Attiene le banche per quanto riguarda la dolorosa storia della voce 130 del conto economico, quella che raccoglie le perdite su crediti ed annessi: ma soprattutto attiene le imprese per quanto riguarda la corretta classificazione a voce propria, ovvero l’appostazione di un credito in bonis, in osservazione, a incaglio o a sofferenza. In altre parole, a seconda del grado di deterioramento del credito, ci sono diverse classificazioni, diversi gradi di assorbimento di capitale, nel caso delle sofferenze diverse evidenze “esterne”. Se infatti incagli e sofferenze assorbono la medesima quota di patrimonio, delle sofferenze sono resi edotti tutti, attraverso la Centrale dei Rischi, mentre degli incagli si ha contezza solamente in Banca d’Italia.

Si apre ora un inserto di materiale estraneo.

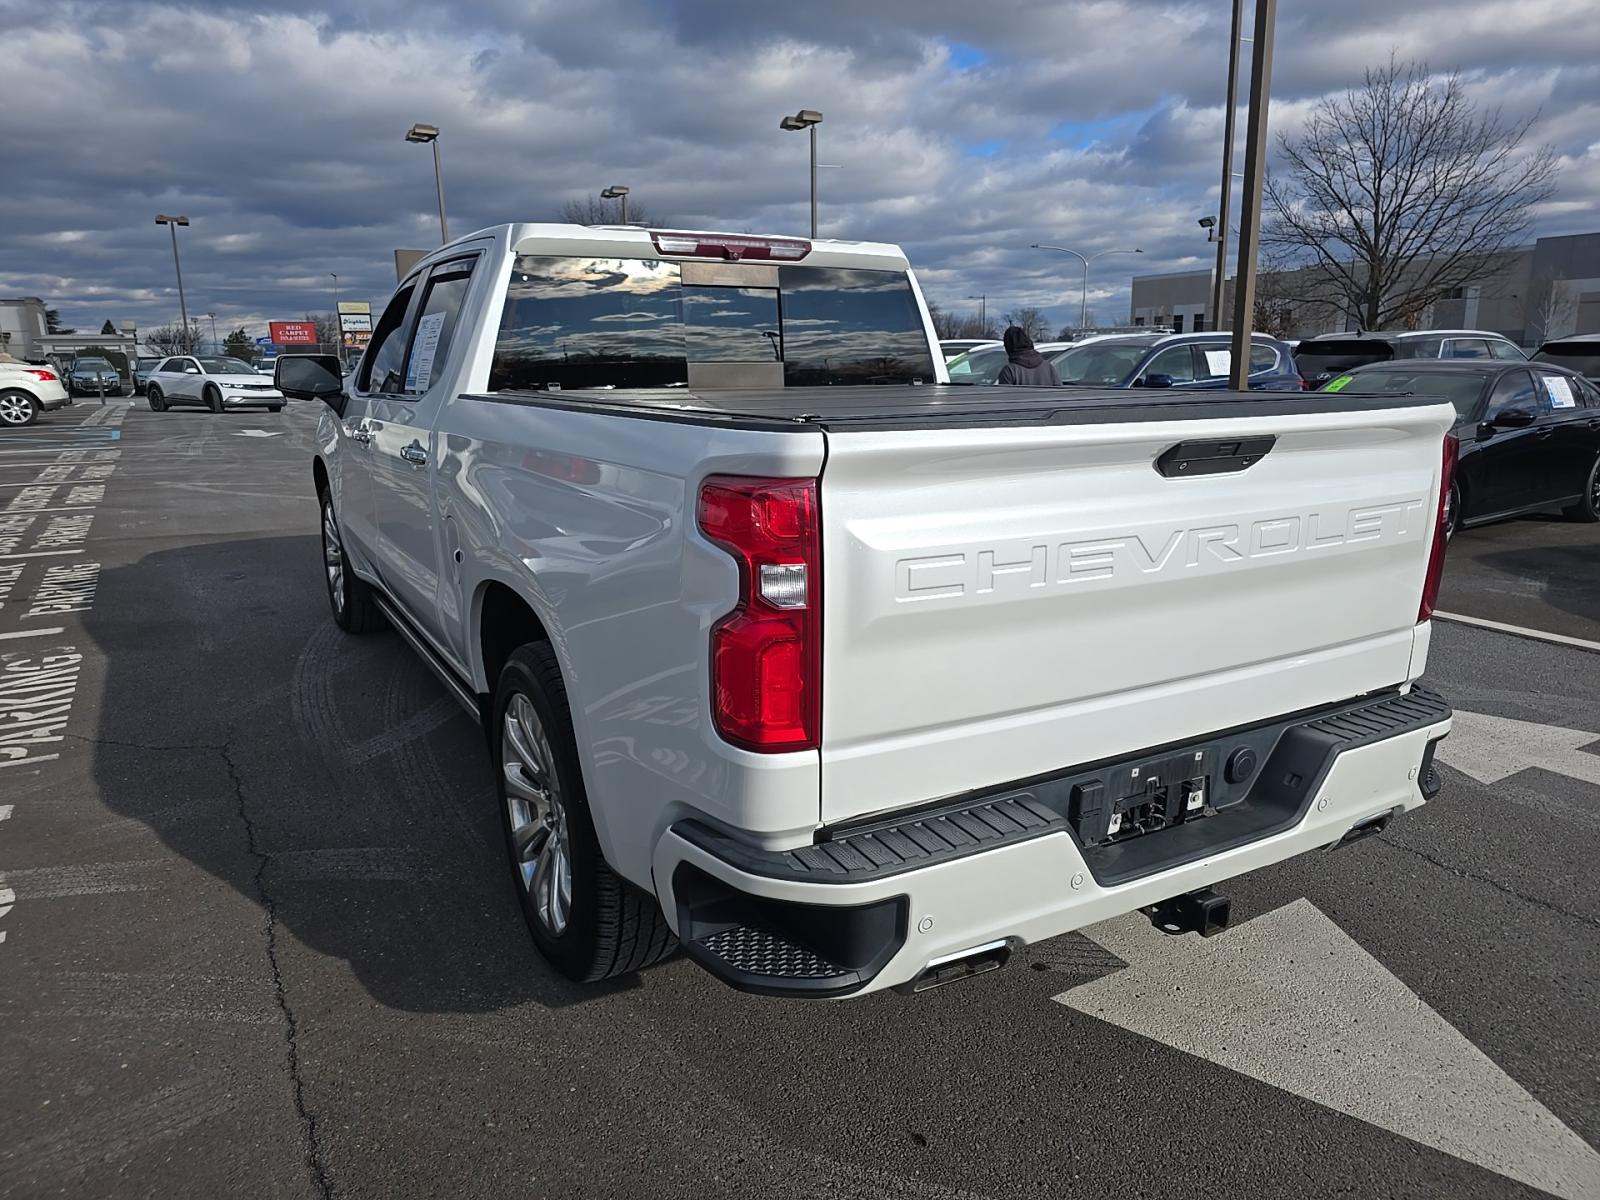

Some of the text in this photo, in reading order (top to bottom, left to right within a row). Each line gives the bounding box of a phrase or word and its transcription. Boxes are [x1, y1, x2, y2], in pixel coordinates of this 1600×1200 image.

[24, 563, 101, 619] PARKING
[895, 499, 1423, 603] CHEVROLET
[0, 653, 83, 768] PARKING

Facile immaginare che ogni istituto di credito abbia ritardato la “corretta appostazione a voce propria”: altrettanto facile immaginare quanto i verbali ispettivi di Banca d’Italia siano pieni, negli ultimi tempi, di rilievi -e di sanzioni- proprio sulle “mancate corrette appostazioni”.
Stante la dura cervice di banche (ed imprese) nel prendere atto della crisi, Banca d’Italia ha pensato bene di applicare, con soli 12 (sic) anni di ritardo, la normativa europea in materia di “incagli oggettivi”.
Chissà se a Viale dell’Astronomia sanno cosa sono? Gli “incagli oggettivi” sono le posizioni scadute e sconfinanti dopo 90 giorni, ovvero le posizioni di difficoltà ritenuta temporanea ma che, allo scadere del 59esimo secondo della 23esima ora dell’89esimo giorno, che la banca voglia o no, sono segnalate a incaglio.
Con tutto quello che ne segue: non possono ritornare in bonis perché “si tratta di un cliente storico”, non possono ritornare in bonis neppure per le garanzie che avessero fornito, non possono ritornare in bonis se non vi siano elementi oggettivi che indichino che la difficoltà è stata superata. Non possono ritornare in bonis se non si presenta un piano di ristrutturazione serio e credibile, come diceva il Maestro prof.Giampaoli, che contenga significativi elementi di discontinuità rispetto al passato e non, come al solito, come ho sempre visto fare in questi anni, promesse finanziarie basate su ipotesi di consolidamento del debito e sull’ennesimo immobile da vendere.
In altre parole, il divieto di accanimento terapeutico e, soprattutto, il divieto di somministrare aspirine quando servirebbero antibiotici, sono stati sanciti ufficialmente: chissà se a Radio 24 lo sanno?